In May 2020, month two of the pandemic, the husband and I “celebrated” seven years of marriage by, you know, staying home with our small children like we did every day, and attempting to watch our wedding video the following day.  We got less than halfway through before the four-year-old whined incessantly about how it wasn’t Beatbugs on Netflix and we turned it off.  I don’t even think we got a special take-out meal at that point because it wasn’t known to be safe yet.  I have said a few times since that if we can make it through a pandemic together with two small children, we can make it through anything.  But I want to highlight something that I remember about us and this moment in life.

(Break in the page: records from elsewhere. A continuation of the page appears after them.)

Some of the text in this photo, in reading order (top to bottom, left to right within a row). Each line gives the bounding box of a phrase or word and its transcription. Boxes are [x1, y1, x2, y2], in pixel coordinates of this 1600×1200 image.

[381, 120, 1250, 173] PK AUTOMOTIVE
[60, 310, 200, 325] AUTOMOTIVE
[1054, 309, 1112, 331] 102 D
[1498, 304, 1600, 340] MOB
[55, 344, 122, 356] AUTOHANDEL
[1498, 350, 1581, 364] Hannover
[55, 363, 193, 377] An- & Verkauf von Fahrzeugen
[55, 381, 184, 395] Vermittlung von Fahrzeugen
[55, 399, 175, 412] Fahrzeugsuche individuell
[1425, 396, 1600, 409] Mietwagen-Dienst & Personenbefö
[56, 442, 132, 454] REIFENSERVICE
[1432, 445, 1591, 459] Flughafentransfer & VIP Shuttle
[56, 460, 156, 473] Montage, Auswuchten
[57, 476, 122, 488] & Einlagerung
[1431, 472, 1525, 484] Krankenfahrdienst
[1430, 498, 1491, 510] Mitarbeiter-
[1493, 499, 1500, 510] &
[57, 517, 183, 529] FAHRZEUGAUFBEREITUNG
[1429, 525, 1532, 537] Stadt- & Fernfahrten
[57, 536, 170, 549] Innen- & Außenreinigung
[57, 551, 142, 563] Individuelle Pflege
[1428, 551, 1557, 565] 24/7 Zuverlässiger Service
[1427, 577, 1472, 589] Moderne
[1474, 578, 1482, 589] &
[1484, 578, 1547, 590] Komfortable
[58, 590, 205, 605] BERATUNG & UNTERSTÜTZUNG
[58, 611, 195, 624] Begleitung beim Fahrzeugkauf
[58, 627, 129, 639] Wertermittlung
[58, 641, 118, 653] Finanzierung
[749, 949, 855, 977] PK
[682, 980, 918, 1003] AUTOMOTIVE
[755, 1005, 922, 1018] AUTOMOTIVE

          With very little to look forward to on a daily basis, my twice daily tea became a ritual.  And once the baby weaned, it became more like a six-times-a-day ritual.  Tea has long been a comfort drink for me and I like the process of it always being slightly different in taste depending on variations in tea, milk, sugar, honey, lemon, whatever.  I craved the caffeine and the comfort.  And part of that comfort was drinking out of this one pottery mug which was handmade by a friend.  I can’t say why I took to that one in particular suddenly; I just liked the sea green color she knows is a favorite and the feel of the pottery in my hands.  And after a while, seeing it provided a conditioned response of calm in a time with so little respite.  And every time I turned around, the husband had washed it for me.  I certainly never asked him to do this, but what may have begun as his own compulsive tidiness morphed into an act of love.  It was something concrete he could do and he said as much.  If he saw it lying around for more than a few minutes empty, it was cleaned above all other things so it would be ready when I next needed it.  He already knew that my least favorite chore is washing dishes, (it’s a long story, involving the fact that my mother doesn’t believe in dishwashers…).  So even on days when tempers were high, I’d turn around to find my clean mug.  He understood the massive importance of this personal ritual for me in a time without community rituals.

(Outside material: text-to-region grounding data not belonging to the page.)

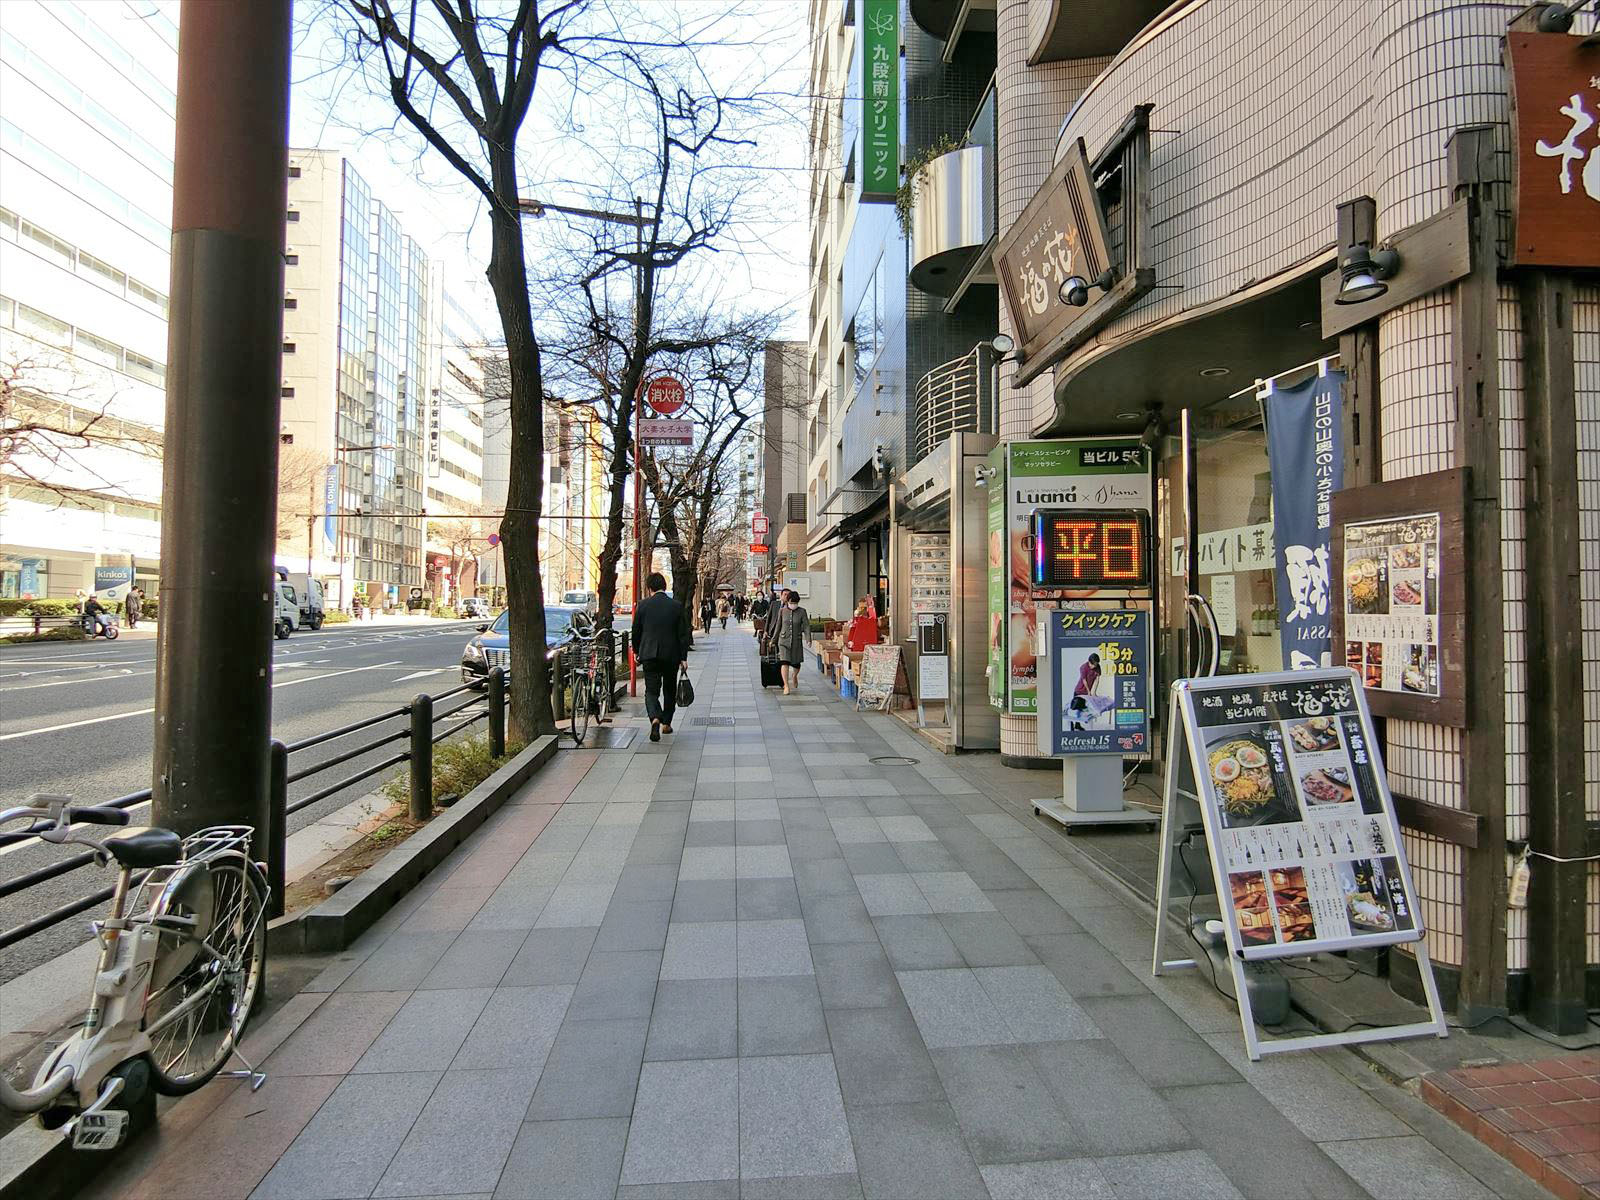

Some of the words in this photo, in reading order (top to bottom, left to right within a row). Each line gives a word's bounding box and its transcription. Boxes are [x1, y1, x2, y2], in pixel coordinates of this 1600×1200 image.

[872, 44, 890, 182] 九段南クリニック
[650, 388, 683, 403] 消火栓
[642, 426, 692, 434] 大妻女子大学
[1013, 449, 1072, 457] レディースシェービング
[1083, 450, 1120, 464] 当ビル
[1016, 488, 1077, 504] Luana
[1055, 522, 1138, 578] 平日
[96, 570, 128, 580] kinko's
[1061, 613, 1137, 629] クイックケア
[1098, 641, 1133, 662] 15分
[1202, 695, 1223, 708] 地酒
[1263, 689, 1289, 703] 瓦そば
[1225, 705, 1267, 720] 当ビル1階
[1061, 736, 1097, 746] Refresh
[1099, 734, 1111, 745] 15

          I recently told this story to my now six-year-old daughter and asked her who the love story was about; whether it was a love story about the mug or about Daddy, and she didn't hesitate to answer "Daddy".  I hope that this is the beginning of our daughter knowing, as I have learned, that love doesn't always feel constant but rather, love is punctuated throughout our lives in many gestures and symbolic moments.  That is what our rites and rituals are for, after all, whether it be the community rite of a wedding or memorial service, or a ritual that marks the passing of time within a day, like my tea.

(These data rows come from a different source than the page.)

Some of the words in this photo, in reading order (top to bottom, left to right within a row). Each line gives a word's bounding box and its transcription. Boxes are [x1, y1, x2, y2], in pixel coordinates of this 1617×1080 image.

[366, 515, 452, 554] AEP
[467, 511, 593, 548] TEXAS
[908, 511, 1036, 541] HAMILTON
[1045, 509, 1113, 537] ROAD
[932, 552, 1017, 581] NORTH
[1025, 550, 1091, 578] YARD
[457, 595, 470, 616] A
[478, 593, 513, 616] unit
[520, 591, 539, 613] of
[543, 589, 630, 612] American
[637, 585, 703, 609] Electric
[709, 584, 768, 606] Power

          We moved to a new home during the pandemic.  It was a trial in this housing market with two kids.  We had to move into my in-laws' home for four months, and we were fortunate to have that option.  It was all worth it for the extra space, schools, and neighborhood while we were shedding the isolation of our old, but still beloved, house on the hill.  Our new place is like a real-world Mayberry; the kids are outside running from house to house, playing all the long summer days until the ice cream truck comes. 
 
          Somewhere in the move, my mug got a large, insidious crack in it and would no longer hold liquid reliably.  If you've read this blog before, you've likely noticed a thread that I come from a line of very sentimental people.  So I tried to drink out of this mug past its expiration date.  Then I decided that while sad that it was broken, it was also fitting as a sign that we had a new home and new life and were leaving behind so much of the trauma of quarantine.  Eventually, it was re-purposed as a makeup brush holder.  The husband gave me a new mug, handmade by a friend, and it continues to remind me that we have emerged out of seclusion to a different home and a different world.  Even though we are not confined to home as much as we were, I still turn around to see that mug has been lovingly washed by one who knows me well enough to know what it means to me and to us.

1 comment:

  1. As always, Katrina, your writing touches the heart.